La Corte Costituzionale è stata investita della decisione relativa alla posizione del lavoratore quando non viene dimostrata la sussistenza del giustificato motivo oggettivo del licenziamento e che quindi il rapporto di lavoro, instaurato dopo il 7 marzo 2015, sia assoggettato
alle previsioni degli artt. 3 e 9 del d.lgs. n. 23 del 2015, che dimezzano l’indennizzo spettante al lavoratore ingiustamente licenziato e pongono il limite invalicabile delle sei mensilità dell’ultima retribuzione percepita.
La questione è stata dichiarata inammissibile, tuttavia la Corte ha fornito preziose indicazioni.
L’indennità prevista «nello stretto varco risultante fra il minimo di tre e il massimo di sei mensilità» potrebbe essere, secondo una delle tesi, inidonea, pertanto, «a soddisfare il test di adeguatezza» e a garantire il riconoscimento di un’indennità personalizzata e comunque adeguata e sufficientemente dissuasiva.

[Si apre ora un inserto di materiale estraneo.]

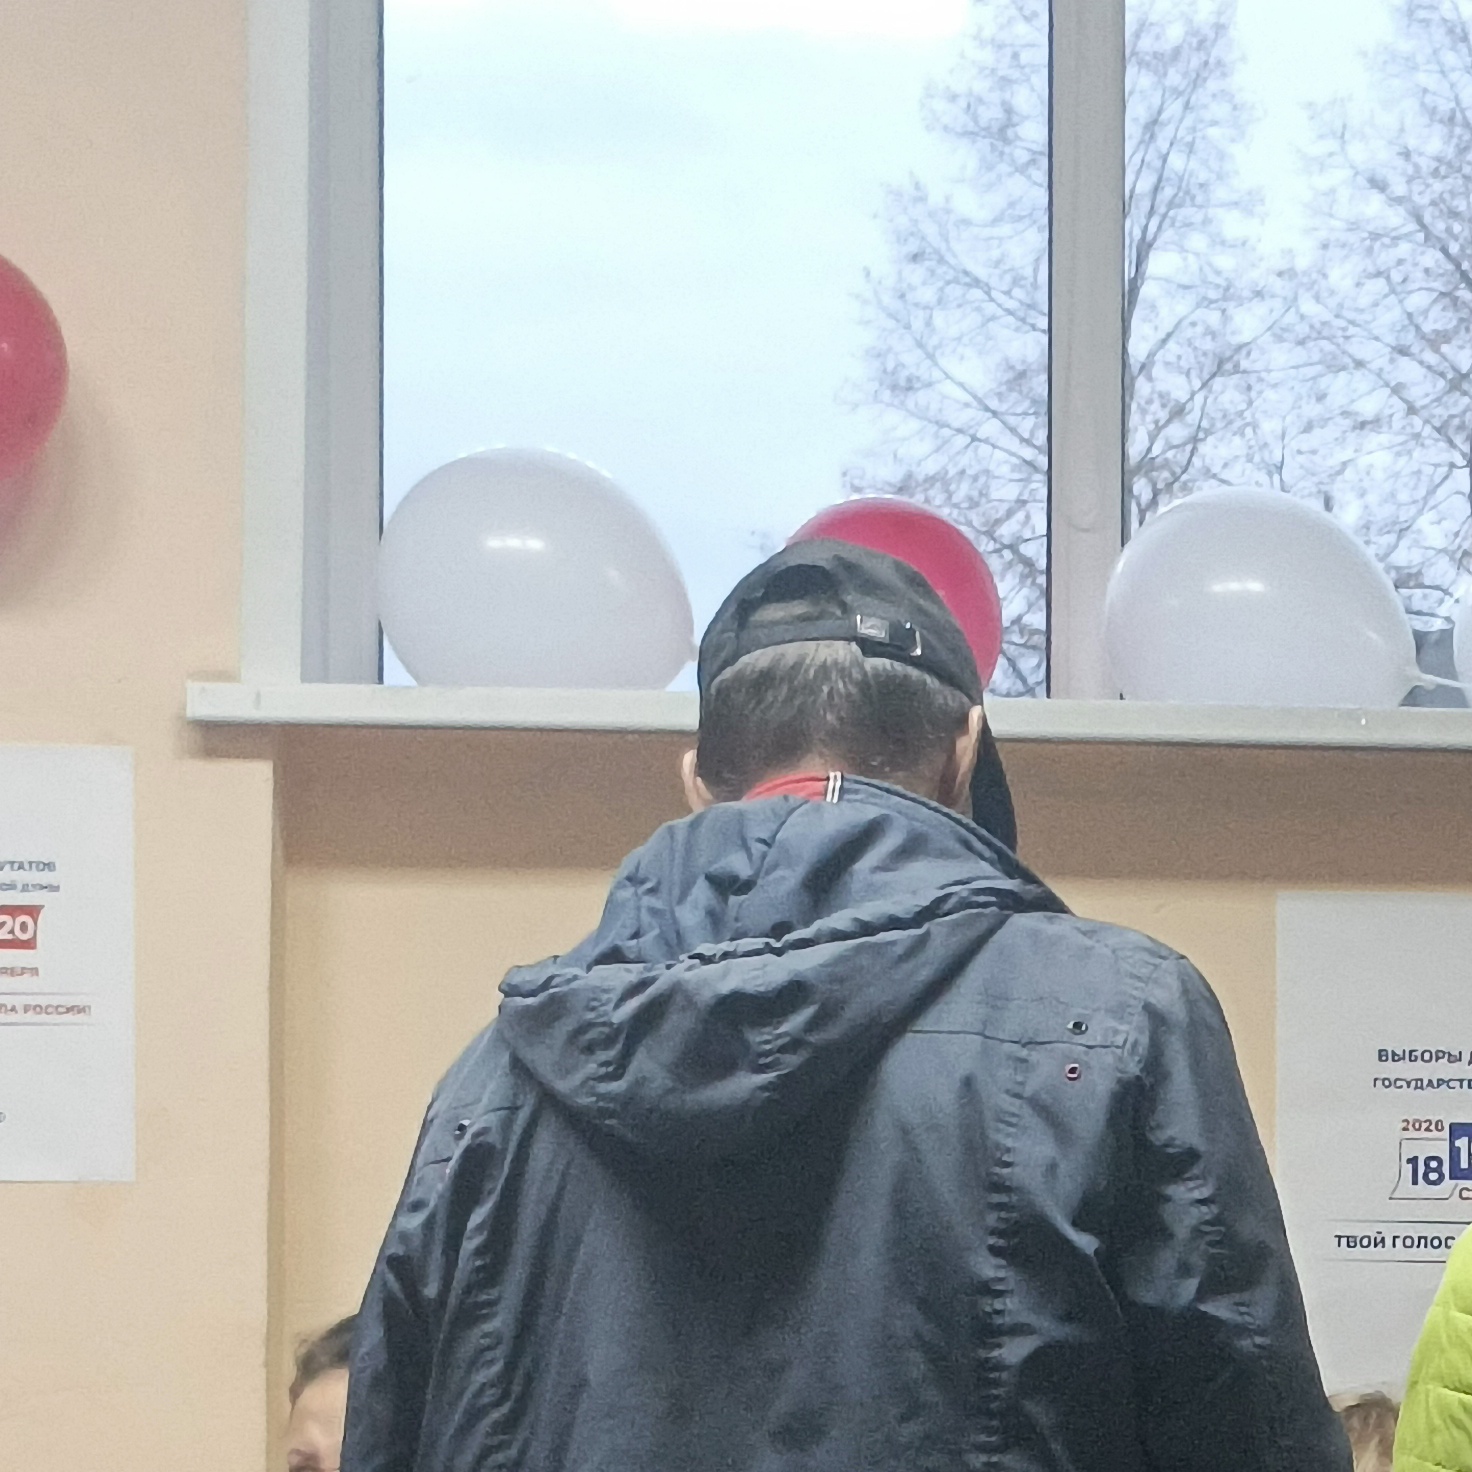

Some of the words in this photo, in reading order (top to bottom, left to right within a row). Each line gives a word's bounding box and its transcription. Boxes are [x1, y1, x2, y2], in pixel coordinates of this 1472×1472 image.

La questione è stata rimessa prospettando il contrasto con gli artt. 3, primo comma, 4, 35, primo comma, e 117, primo comma, Cost., quest’ultimo in relazione all’art. 24 della Carta sociale europea che così dispone:
- Per assicurare l’effettivo esercizio del diritto ad una tutela in caso di licenziamento, le Parti s’impegnano a riconoscere:
a) il diritto dei lavoratori di non essere licenziati senza un valido motivo legato alle loro attitudini o alla loro condotta
o basato sulle necessità di funzionamento dell’impresa, dello stabilimento o del servizio;
b) il diritto dei lavoratori licenziati senza un valido motivo, ad un congruo indennizzo o altra adeguata riparazione.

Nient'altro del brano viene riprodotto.